One problem that got me away from novels for a while was that I’d get ambitious and try to read something that was recommended but really wasn’t for me.

I would recommend to go with series that you liked the anime of and want to know how the story continues. It's not a 100% surefire way to find something you like, but at least you remove other people's taste from the equation.

[–] NineSwords@ani.social 1 points 19 hours ago (1 children)

Regardless of style “web novel” and “light novel” aren’t specific to a source country like manga and manwha are.

Both Wikipedia and Wiktionary define them as Japanese. The same goes for the original Reddit community or the database the bot (Myne) gets her info from. I did not take down your comment (it's still up) but pointed out that it's the wrong community for that reason. I didn't do it on a whim.

I'm not categorically against Korean (or Chinese) novels, but they're by every definition I know simply not "light novels". I believe that a general book community would be a better place to discuss other translated works. For reference, the place on Reddit to post Korean Webnovels would be r/noveltranslations instead of r/lightnovels.

[–] NineSwords@ani.social 2 points 21 hours ago (2 children)

I think we need to get away from the short format brain rot media that is so popular today, like TikTok and Twitter/X.

As Myne in the sidebar states: "Y'all better start reading more books!" :)

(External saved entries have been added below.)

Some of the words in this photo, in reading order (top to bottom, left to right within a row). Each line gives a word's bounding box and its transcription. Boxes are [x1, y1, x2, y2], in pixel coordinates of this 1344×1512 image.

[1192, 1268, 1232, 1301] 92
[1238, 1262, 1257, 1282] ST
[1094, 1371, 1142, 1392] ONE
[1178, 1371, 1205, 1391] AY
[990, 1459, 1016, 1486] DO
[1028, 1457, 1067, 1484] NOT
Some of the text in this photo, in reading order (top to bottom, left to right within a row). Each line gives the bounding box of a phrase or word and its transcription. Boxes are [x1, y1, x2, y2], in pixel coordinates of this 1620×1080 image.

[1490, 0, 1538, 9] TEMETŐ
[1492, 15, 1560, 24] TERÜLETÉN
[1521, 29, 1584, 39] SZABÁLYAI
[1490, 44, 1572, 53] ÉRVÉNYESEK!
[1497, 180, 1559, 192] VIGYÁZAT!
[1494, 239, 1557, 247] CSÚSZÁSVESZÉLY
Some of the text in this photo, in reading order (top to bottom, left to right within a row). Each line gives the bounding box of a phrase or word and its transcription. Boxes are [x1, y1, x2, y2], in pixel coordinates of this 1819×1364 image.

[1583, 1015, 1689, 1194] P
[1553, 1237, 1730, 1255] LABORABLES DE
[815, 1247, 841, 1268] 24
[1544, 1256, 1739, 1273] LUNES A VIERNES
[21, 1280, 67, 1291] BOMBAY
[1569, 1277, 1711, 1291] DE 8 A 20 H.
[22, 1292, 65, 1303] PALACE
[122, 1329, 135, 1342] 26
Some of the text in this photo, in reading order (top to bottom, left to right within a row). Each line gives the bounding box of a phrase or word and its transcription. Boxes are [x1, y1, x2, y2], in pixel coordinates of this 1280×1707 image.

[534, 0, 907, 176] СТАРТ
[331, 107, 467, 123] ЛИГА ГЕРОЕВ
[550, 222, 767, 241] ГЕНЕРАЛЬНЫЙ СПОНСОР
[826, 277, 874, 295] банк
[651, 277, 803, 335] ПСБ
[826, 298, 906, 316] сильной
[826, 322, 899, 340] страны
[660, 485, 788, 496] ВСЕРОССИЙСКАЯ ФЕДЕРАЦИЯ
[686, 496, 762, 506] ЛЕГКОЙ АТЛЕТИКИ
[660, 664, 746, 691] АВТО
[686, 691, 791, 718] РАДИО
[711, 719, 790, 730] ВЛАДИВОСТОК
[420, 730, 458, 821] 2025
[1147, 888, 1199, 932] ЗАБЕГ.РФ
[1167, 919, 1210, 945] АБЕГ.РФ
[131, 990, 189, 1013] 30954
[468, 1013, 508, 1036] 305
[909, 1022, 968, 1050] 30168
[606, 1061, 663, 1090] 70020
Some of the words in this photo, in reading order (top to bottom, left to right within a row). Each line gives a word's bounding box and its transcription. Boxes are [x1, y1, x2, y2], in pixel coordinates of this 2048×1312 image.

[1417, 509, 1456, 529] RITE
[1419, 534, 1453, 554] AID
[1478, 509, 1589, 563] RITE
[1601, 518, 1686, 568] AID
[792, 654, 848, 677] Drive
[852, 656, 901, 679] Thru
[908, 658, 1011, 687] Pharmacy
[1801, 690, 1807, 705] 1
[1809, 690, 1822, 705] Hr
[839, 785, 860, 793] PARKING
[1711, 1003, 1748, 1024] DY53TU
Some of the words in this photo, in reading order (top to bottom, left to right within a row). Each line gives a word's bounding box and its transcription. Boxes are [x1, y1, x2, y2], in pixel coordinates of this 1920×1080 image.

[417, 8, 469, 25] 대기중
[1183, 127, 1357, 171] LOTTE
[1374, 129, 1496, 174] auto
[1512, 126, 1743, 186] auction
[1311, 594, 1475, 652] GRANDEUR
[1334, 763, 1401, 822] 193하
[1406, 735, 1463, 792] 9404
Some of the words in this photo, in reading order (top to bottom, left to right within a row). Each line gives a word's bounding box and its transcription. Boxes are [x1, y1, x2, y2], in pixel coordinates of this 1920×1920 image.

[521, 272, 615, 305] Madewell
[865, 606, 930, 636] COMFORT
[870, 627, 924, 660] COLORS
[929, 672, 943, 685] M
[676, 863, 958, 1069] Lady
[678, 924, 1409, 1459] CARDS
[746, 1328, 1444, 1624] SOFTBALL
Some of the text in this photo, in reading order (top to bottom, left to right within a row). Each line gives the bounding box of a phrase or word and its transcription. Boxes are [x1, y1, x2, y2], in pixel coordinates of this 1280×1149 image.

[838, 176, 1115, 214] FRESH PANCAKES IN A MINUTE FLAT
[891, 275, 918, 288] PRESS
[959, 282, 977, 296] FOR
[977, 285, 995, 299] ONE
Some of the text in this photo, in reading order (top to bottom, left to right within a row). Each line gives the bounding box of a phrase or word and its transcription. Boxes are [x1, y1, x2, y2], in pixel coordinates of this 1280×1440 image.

[–] NineSwords@ani.social 2 points 21 hours ago* (last edited 21 hours ago) (3 children)

No idea why

Because they are by definition different things. Close in style, sure, but so are YA novels.

Coming as a reddit refugee I just replicated their definition when creating the community. And I still feel the same way since it's not a general "novel" community. If there's a popular demand I'll loose the restrictions.